Here's what I understand you to be saying, and you're free to reframe this.
1. Propositions are ideas. 2. Ideas can only exist if they are conceived. 3. "The earth is round" is a proposition. 4. Therefore, "the earth is round" can only exist if it is conceived. 5. Truth and falsity are properties of propositions. 6. If something does not exist, it cannot have any properties. 6. If it is not conceived, "the earth is round" cannot exist. 7. "The earth is round" cannot have any properties. 8. Truth and falsity are not properties of "the earth is round".
Sounds reasonable. But how do we square this with:
1. "The earth is round" reflects a state of affairs about objective reality. 2. If something reflects a state of affairs about objective reality, it is true. 3. "The earth is round" is true.
There's nothing here about "the earth is round" needing to be conceived by someone.
One issue I would raise is the first argument's 1 and 2. Propositions don't just exist insofar as they are conceived. Representations of propositions, sure, but not propositions themselves.
lisper|1 year ago
Cool.
> There's nothing here about "the earth is round" needing to be conceived by someone.

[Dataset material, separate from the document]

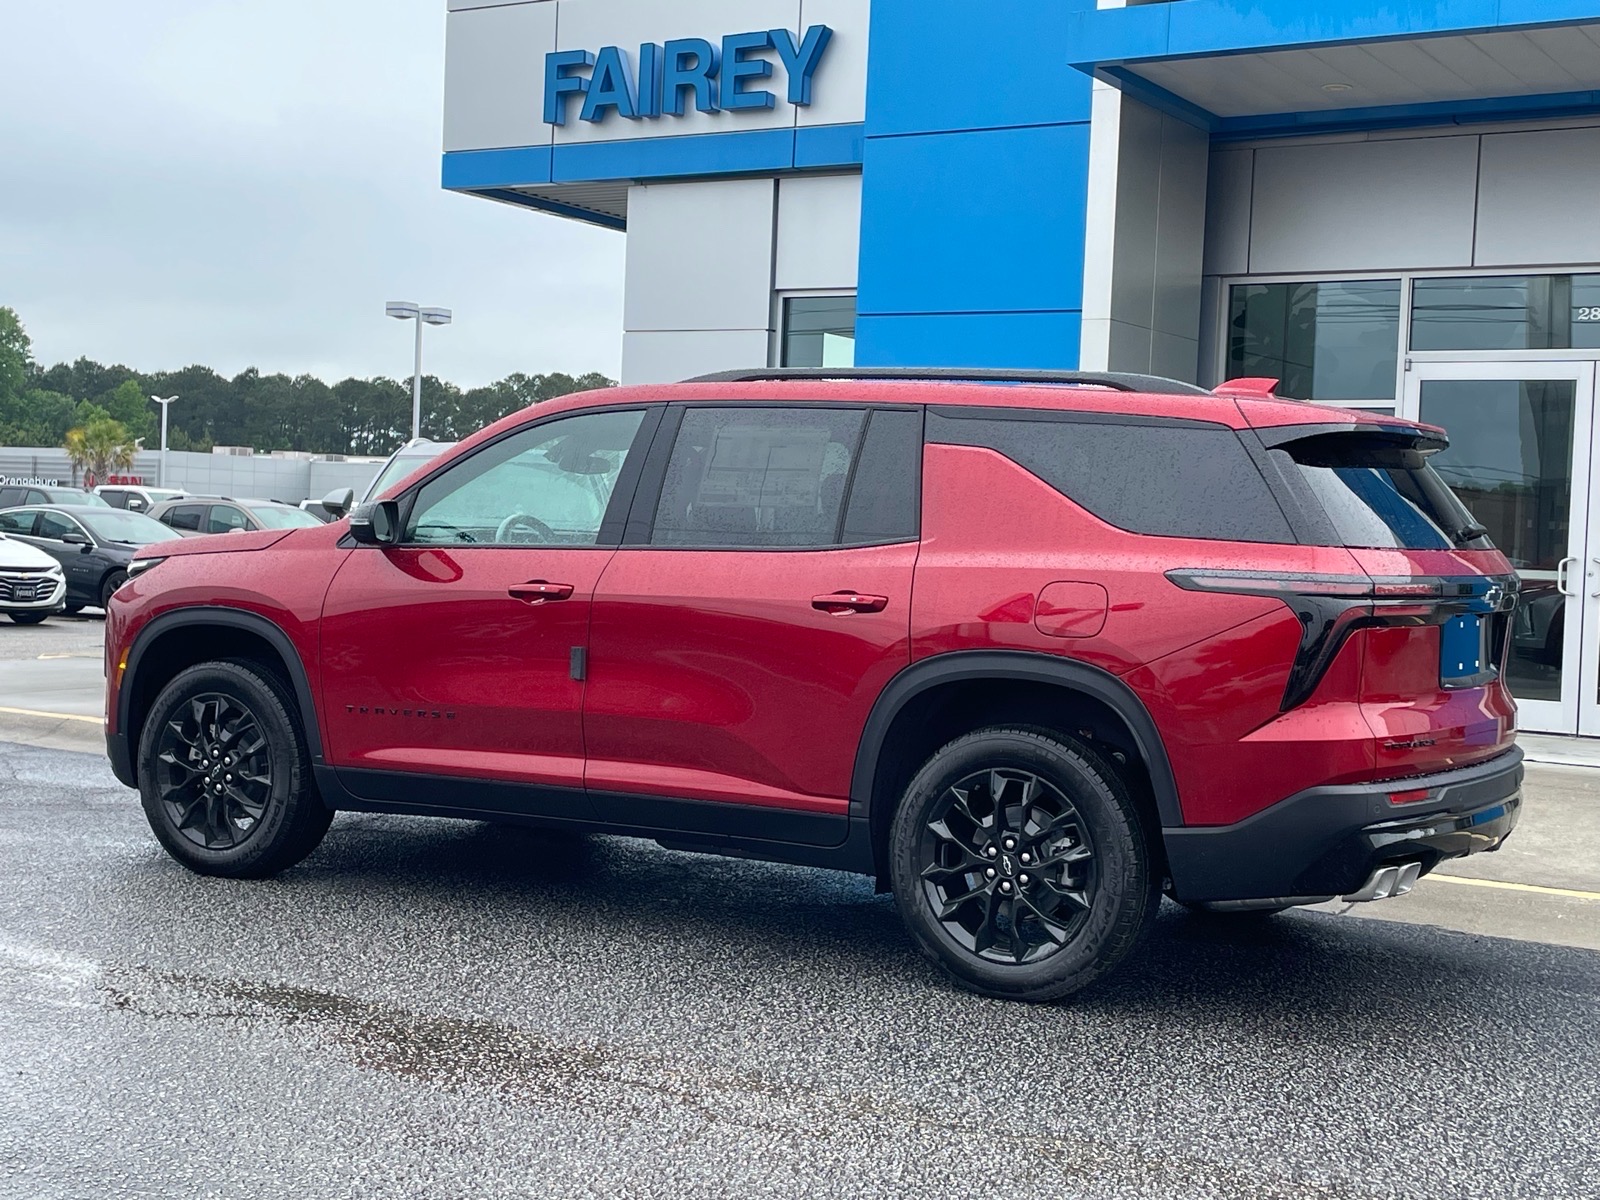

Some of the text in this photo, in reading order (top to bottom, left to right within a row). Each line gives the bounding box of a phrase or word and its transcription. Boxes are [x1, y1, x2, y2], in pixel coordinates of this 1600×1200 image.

Yes, there is. You can't talk about a proposition without conceiving of it. The instant you wrote “"The earth is round"” (note the nested quotes) you conceived of the proposition "the earth is round" and brought it into being. This is impossible to avoid. So this:
> There's nothing here about "the earth is round" needing to be conceived by someone.
is false.
> Propositions don't just exist insofar as they are conceived. Representations of propositions, sure, but not propositions themselves.
I already gave you the answer to this in the parent comment but you ignored it.

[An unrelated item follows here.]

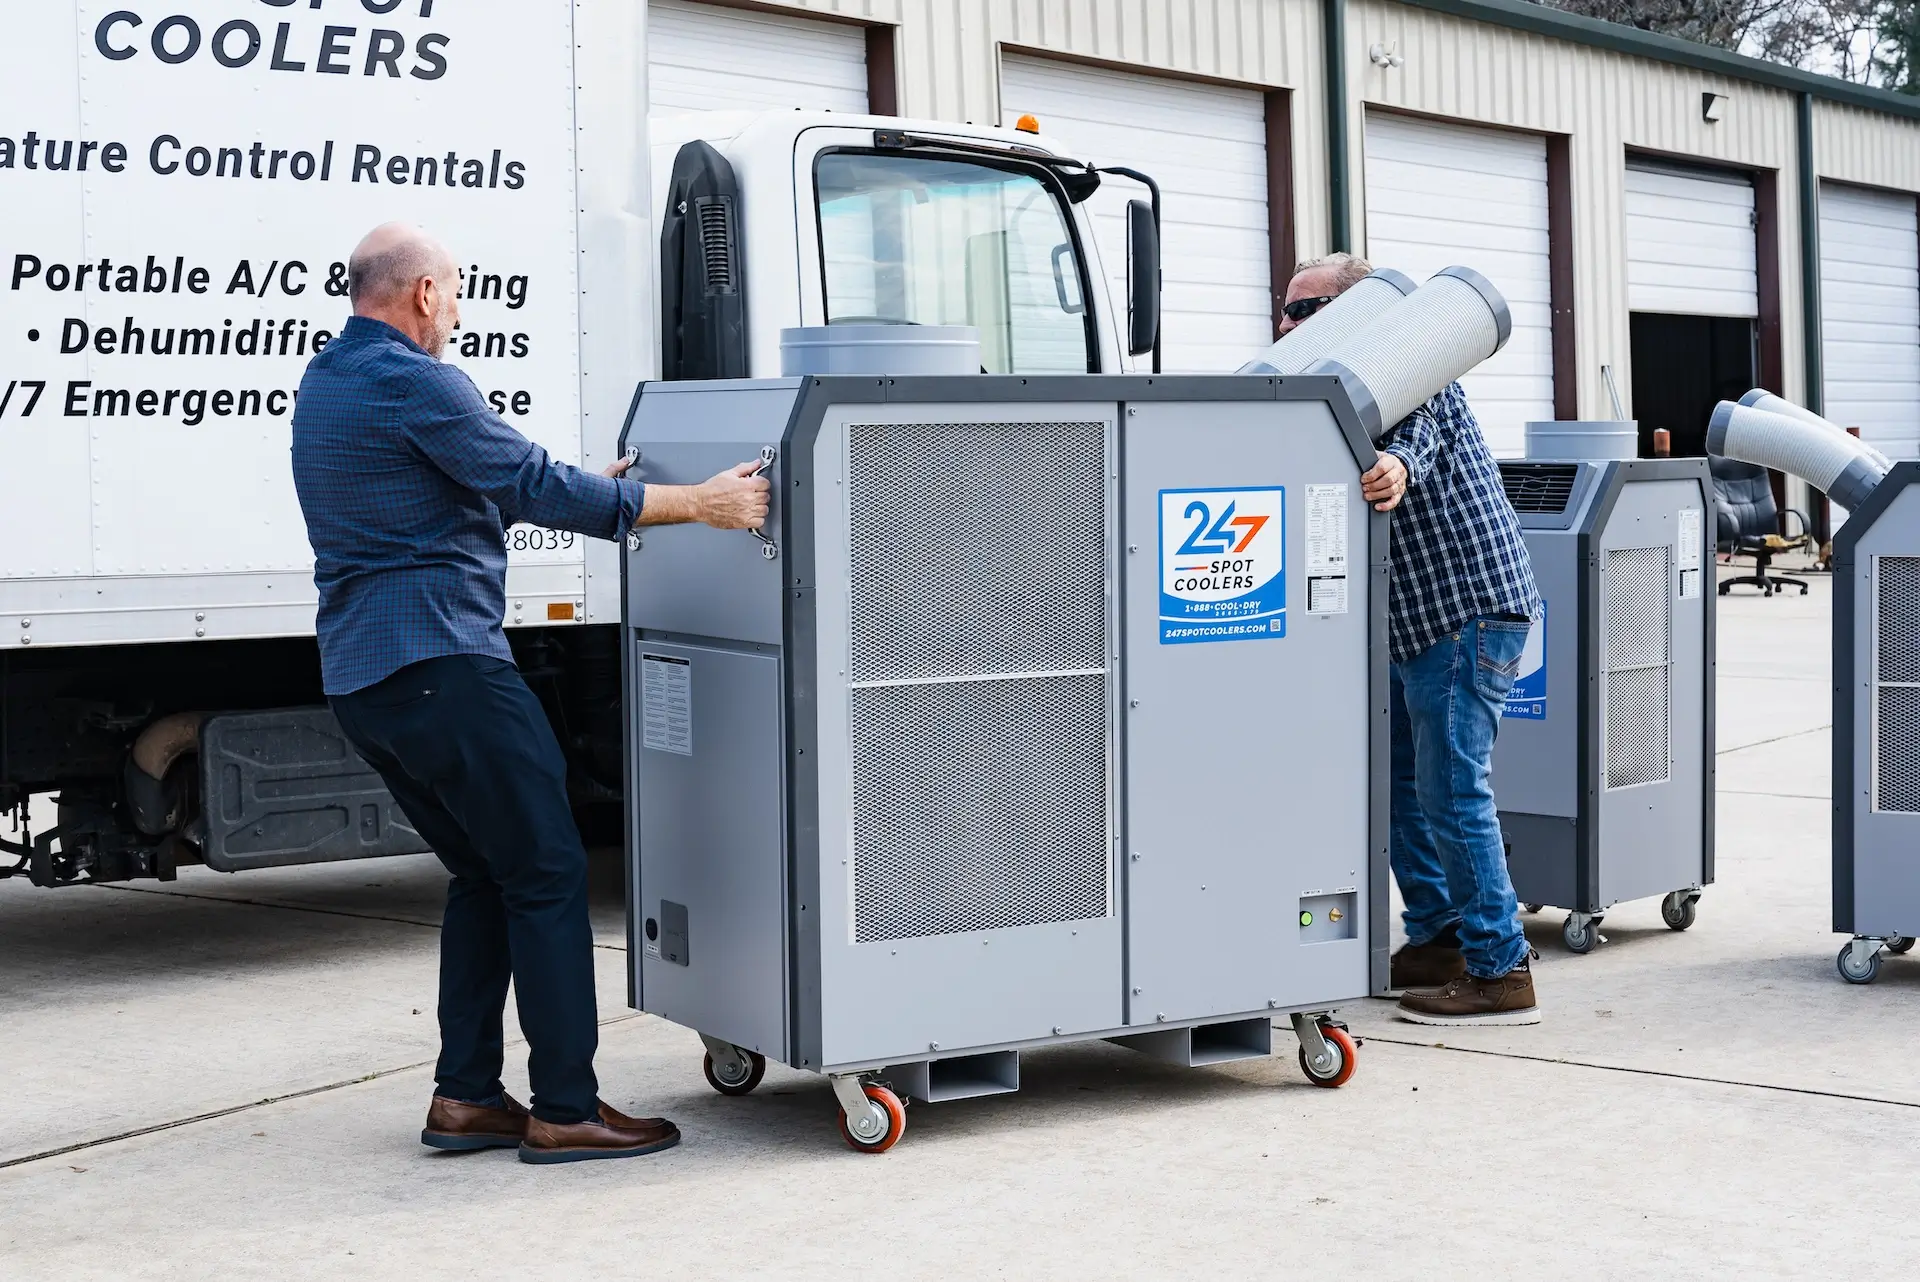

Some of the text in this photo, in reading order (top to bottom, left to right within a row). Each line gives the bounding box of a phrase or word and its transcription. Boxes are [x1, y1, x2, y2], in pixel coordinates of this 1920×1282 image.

"Ideas are not made of atoms, they are made of information. Just like material objects, ideas do not come into existence until some information that encodes that idea arranges itself in a particular way, i.e. until they are thought of."
etc.
So that is (still) my answer: you are simply mistaken when you say that "Propositions don't just exist insofar as they are conceived."
(You're in good company. Plato got this wrong too, and he was no dummy. But he didn't have Alan Turing's shoulders to stand on.)

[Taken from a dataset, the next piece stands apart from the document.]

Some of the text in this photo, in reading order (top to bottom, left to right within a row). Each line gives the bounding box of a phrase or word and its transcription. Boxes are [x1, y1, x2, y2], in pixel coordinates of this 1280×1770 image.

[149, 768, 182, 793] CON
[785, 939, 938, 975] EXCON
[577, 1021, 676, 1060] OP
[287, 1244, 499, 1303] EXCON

BTW, note that the converse is not true. You can conceive of an idea without rendering it into a representation. Indeed, you can conceive of an idea without even being able to render it into a representation. (This is actually quite common!) But what you can't do is produce a rendering of an idea into a representation without conceiving of the idea being represented. (BTW, that is not quite true. There is a tiny loophole, but I'm going to leave it as an exercise for you to figure out what it is.)
knightoffaith|1 year ago
In the second argument, could you tell me which of (1) and (2) are incorrect, and why?
If it's the quotes that are problematic, I'm fine to drop those.
The earth is round, regardless of whether people have this idea in their heads or not. You deny this?
>I already gave you the answer to this in the parent comment but you ignored it.
But I didn't disagree that ideas are not made of atoms. What I disagreed with is that propositions only exist insofar as they are conceived.
>(You're in good company. Plato got this wrong too, and he was no dummy. But he didn't have Alan Turing's shoulders to stand on.)
What did Turing do that proved that propositions only exist insofar as they are conceived? Or are you just talking about scientific progress in general?